The Jeopardy challenge, it was clear, would require another program, another technology platform, and a far bolder approach. Ferrucci wouldn’t hesitate to lift algorithms and ideas from both Piquant and Basement Baseline, but the project demanded far more than a recasting of IBM technologies. It was too big for a single company, even one as burly as IBM. The Blue J machine, Ferrucci said, would need “the most sophisticated intelligence architecture the world has ever seen.” For this, the Jeopardy team would have to reach out to the universities doing the most exciting work in AI, including MIT, Carnegie Mellon, and the University of Texas. “We needed all the brains we could get behind this project,” he said.
Back in the late ’70s, when he was commuting from the Bronx to his high school in suburban New Rochelle, Ferrucci and his best friend at the time, Tony Marciano, had an idea for a new type of machine. They called it “a reverse-dictionary.” The idea, Ferrucci said, was to build a machine that could find elusive words. “You know how it is when you want to express something, but you can’t think of the right word for it? A dictionary doesn’t help at all, because you don’t know what to look up. We wanted to build the machine that would give you the word.” This was before they’d ever seen a computer. “We were thinking of a mechanical thing.”
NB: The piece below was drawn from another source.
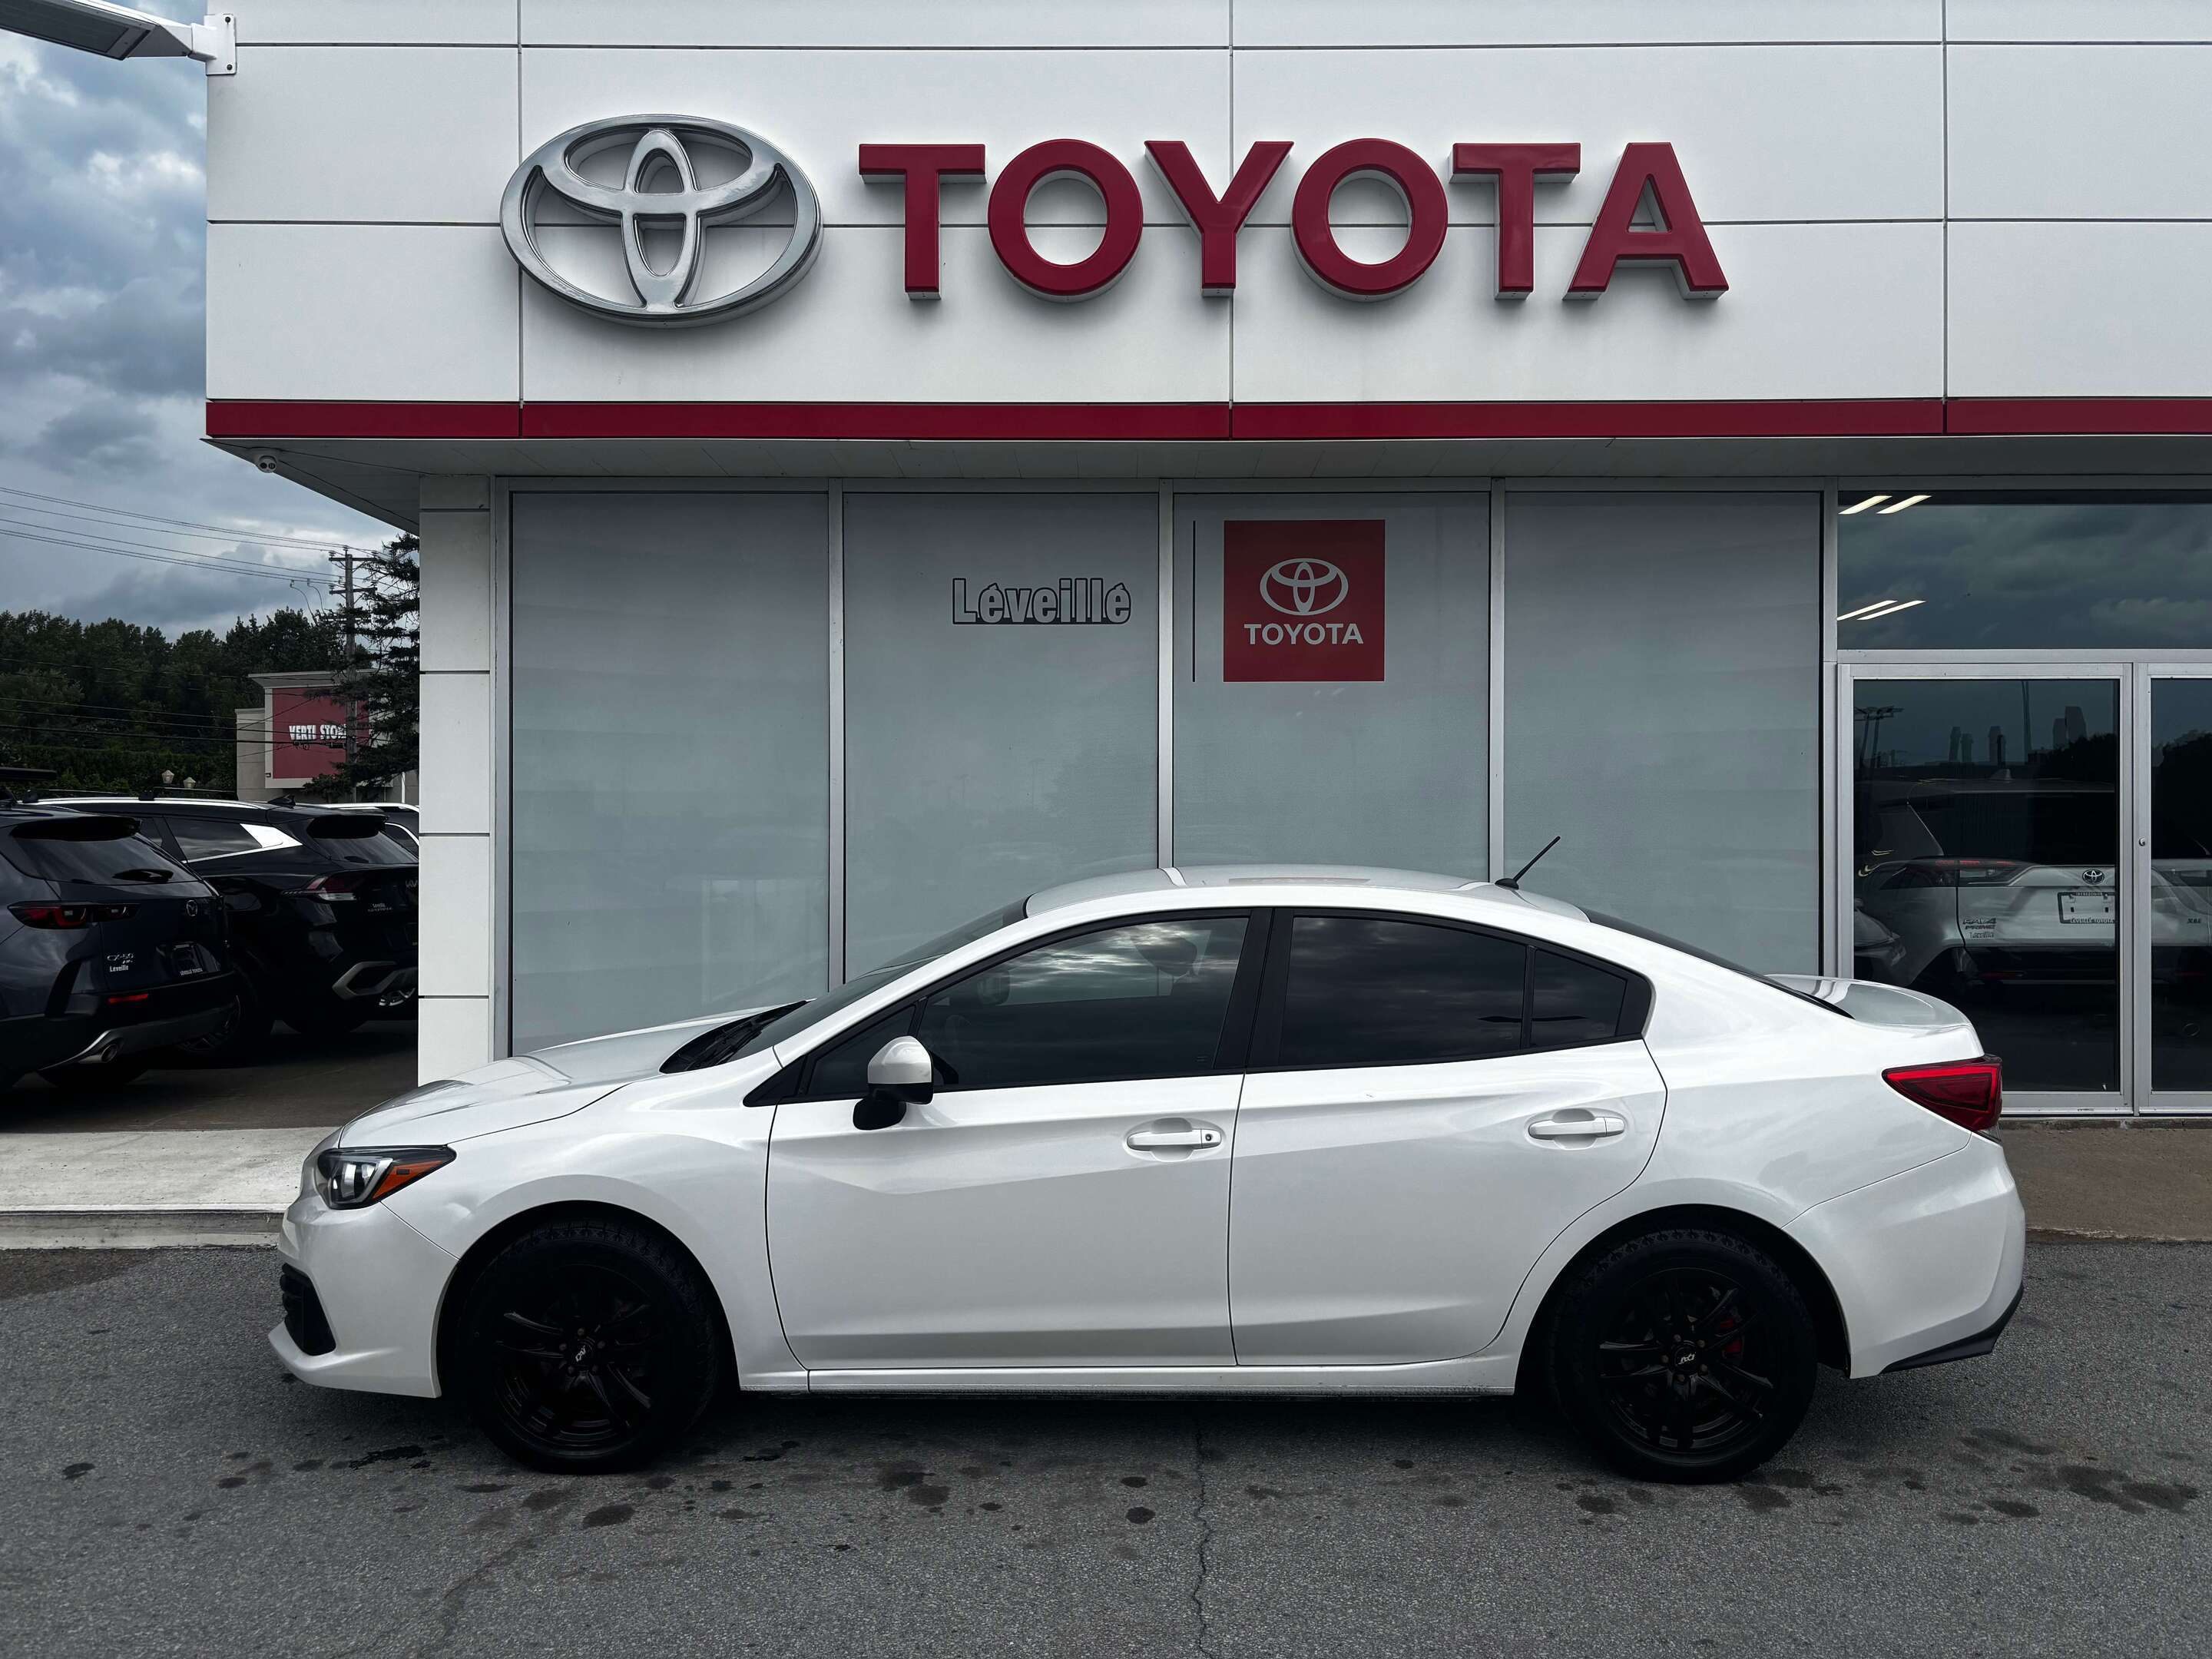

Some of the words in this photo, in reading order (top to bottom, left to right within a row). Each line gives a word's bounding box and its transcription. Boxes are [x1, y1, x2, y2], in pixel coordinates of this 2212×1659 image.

It sounded like a thesaurus. But Ferrucci bridled a bit at the suggestion that his dream machine had existed for centuries as a book. “No, you don’t give it the synonyms, just the definition,” he said. “Basically we were scratching this idea that the computer could understand your meaning, your words, your definitions, and could come up with the word.”
Ferrucci was a hot shot at science at Iona Grammar School, a Catholic boys school. He and Marciano—who, according to Ferrucci, “did calculus on his cuff links”—regarded even their own brains as machines. Marciano, for example, had the idea that devoting brain space to memory storage was wasteful. It distracted neurons from the more important work of processing ideas. So when people asked him questions requiring recall, he would respond, “Ask Dave. He’s willing to use memory.”
Ferrucci’s father, Antonio, had come to the United States from Italy after the Second World War. He had studied some law and engineering in the dying days of Mussolini’s regime, but he arrived in New York without a profession and ended up driving trucks and working in construction. He and Ferrucci’s mother, Connie, wanted their son to be a doctor. One summer during high school, Ferrucci had planned just to hang around with his friends and “play.” His father wouldn’t stand for it. “He’d gotten something in the mail about a math and computer course at Iona College. He says, ‘You’ve got the grades, why don’t you sign up for that?’”
At Iona, Ferrucci came face-to-face with his first computer. It featured a hulking cathode ray tube with a black screen and processed data encoded on teletype. He fell for it immediately. “Here was a machine,” he said. “You told it to do stuff, and it did what you told it. I thought, ‘This is big.’ I called up Tony Marciano, and I said, ‘You get your butt over here, into this room at Iona College. You’ve got to see this machine.’”
Marciano, who later studied computer science and went on to become a finance professor at New York University’s Stern Business School, met Ferrucci later that afternoon. The two of them stayed long into the evening, paging through a single manual, trying out programs on the computer and getting the machine to spit out differential equations. At that point, Ferrucci knew that he wanted to work with computers. However, he didn’t consider it a stand-alone career. A computer was a tool, as he saw it, not a destination. Anyway, he was going to be a doctor.
He went on to Manhattan College, a small Catholic school that was actually in The Bronx, a few miles north of Manhattan. There he followed the pre-med track as a biology major and took computer science on the side. “I did a bunch of programming for the physiology lab,” he said. “Everything I did in biology I kept relating to computers.” The way technology was advancing, it seemed, there had to be a place for computers in medicine.
One night, Ferrucci was taking a practice exam in a course for the MCATs, the Medical College Admission Tests. “I was with all my pre-med friends,” he said. “This is midway through the course. The proctor says, ‘Open to page 10 and start taking the sample chemistry test.’ I opened it up and I started doing the questions, and all of a sudden I said, ‘You know what? I’m not going to be a doctor!’ And I closed the test and I went up to the proctor and I said, ‘I’m quitting. I don’t want to be a doctor.’ He said, ‘You’re not going to get your $500 back.’ I said, ‘Whatever.’”
Ferrucci left the building and made two phone calls. He dialed the easier one first, telling his girlfriend that he’d just walked out of the MCAT class and was giving up on medicine. Then he called his father. “That was a hard call to make,” Ferrucci said. “He was very upset in the beginning.”
His MCAT insight, while steering him away from medicine, didn’t put him on another clear path. He still didn’t know what to do. “I started looking for graduate programs in physiology that had a strong computing component,” he said. “After about a week or two of that, I suddenly said, ‘Wait a minute.’” He called this his “second-level epiphany.” He asked himself why he was avoiding the obvious. “I was really interested in the computer stuff,” he said, “not the physiology. So I’d have to make a complete break.” He applied to graduate school in computer science and went upstate, to Rensselaer Polytechnic Institute (RPI), in Troy, New York.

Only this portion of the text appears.